_DIRECTIONS FOR THIS TASK_
No picture belongs in the copy. Repeat each line below exactly.

── THE INPUT ──

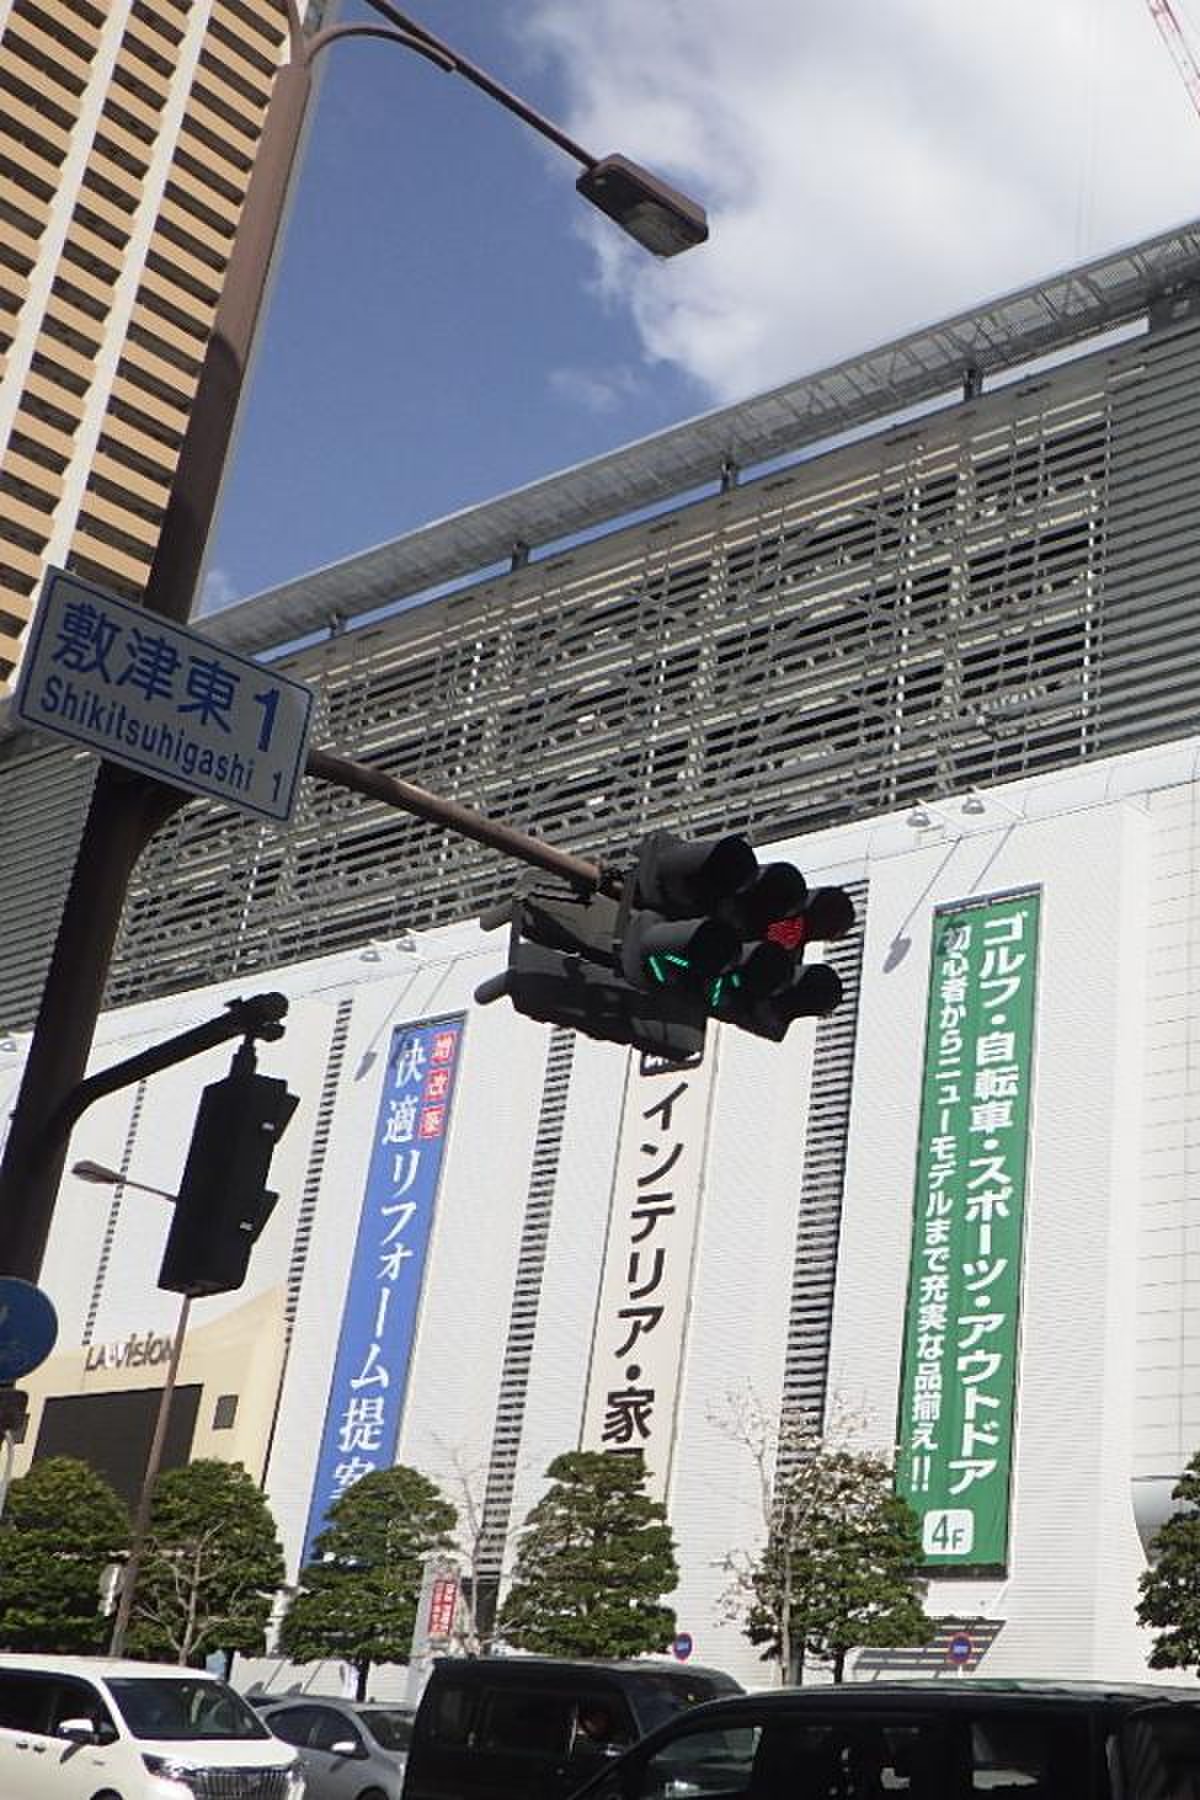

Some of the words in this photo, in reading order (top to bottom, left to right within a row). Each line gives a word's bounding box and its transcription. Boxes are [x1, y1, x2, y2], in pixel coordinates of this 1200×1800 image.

[41, 675, 256, 792] Shikitsuhigashi
[272, 771, 283, 802] 1
[602, 1082, 689, 1456] インテリア・家
[931, 1515, 965, 1550] 4F
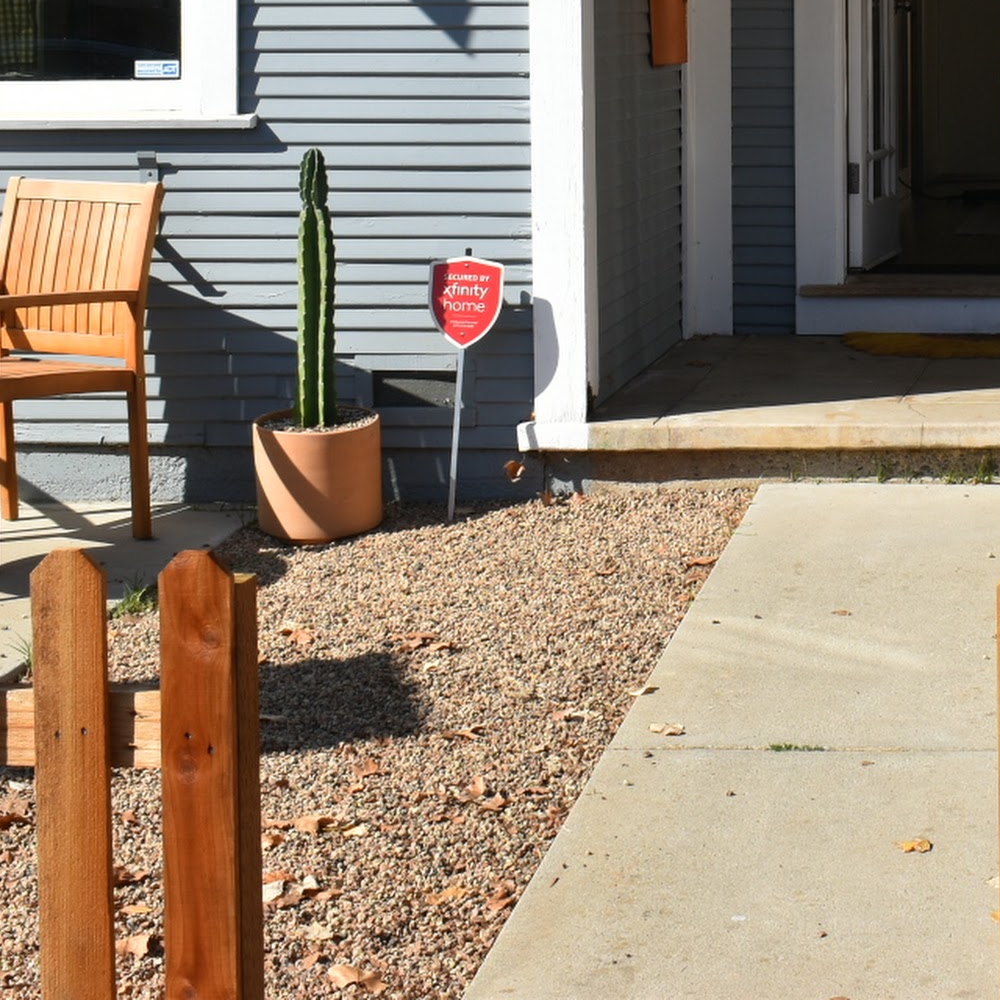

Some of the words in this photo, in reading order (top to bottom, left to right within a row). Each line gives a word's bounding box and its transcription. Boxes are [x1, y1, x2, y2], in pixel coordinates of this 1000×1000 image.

───

_EXERCISE RESULT_
Some of the words in this photo, in reading order (top to bottom, left to right within a row). Each line gives a word's bounding box and its transcription. Boxes are [x1, y1, x2, y2], in pixel coordinates of this 1200×1800 image.

[41, 675, 256, 792] Shikitsuhigashi
[272, 771, 283, 802] 1
[602, 1082, 689, 1456] インテリア・家
[931, 1515, 965, 1550] 4F

Some of the words in this photo, in reading order (top to bottom, left to right within a row). Each line gives a word's bounding box and its transcription. Boxes are [x1, y1, x2, y2], in pixel coordinates of this 1000×1000 image.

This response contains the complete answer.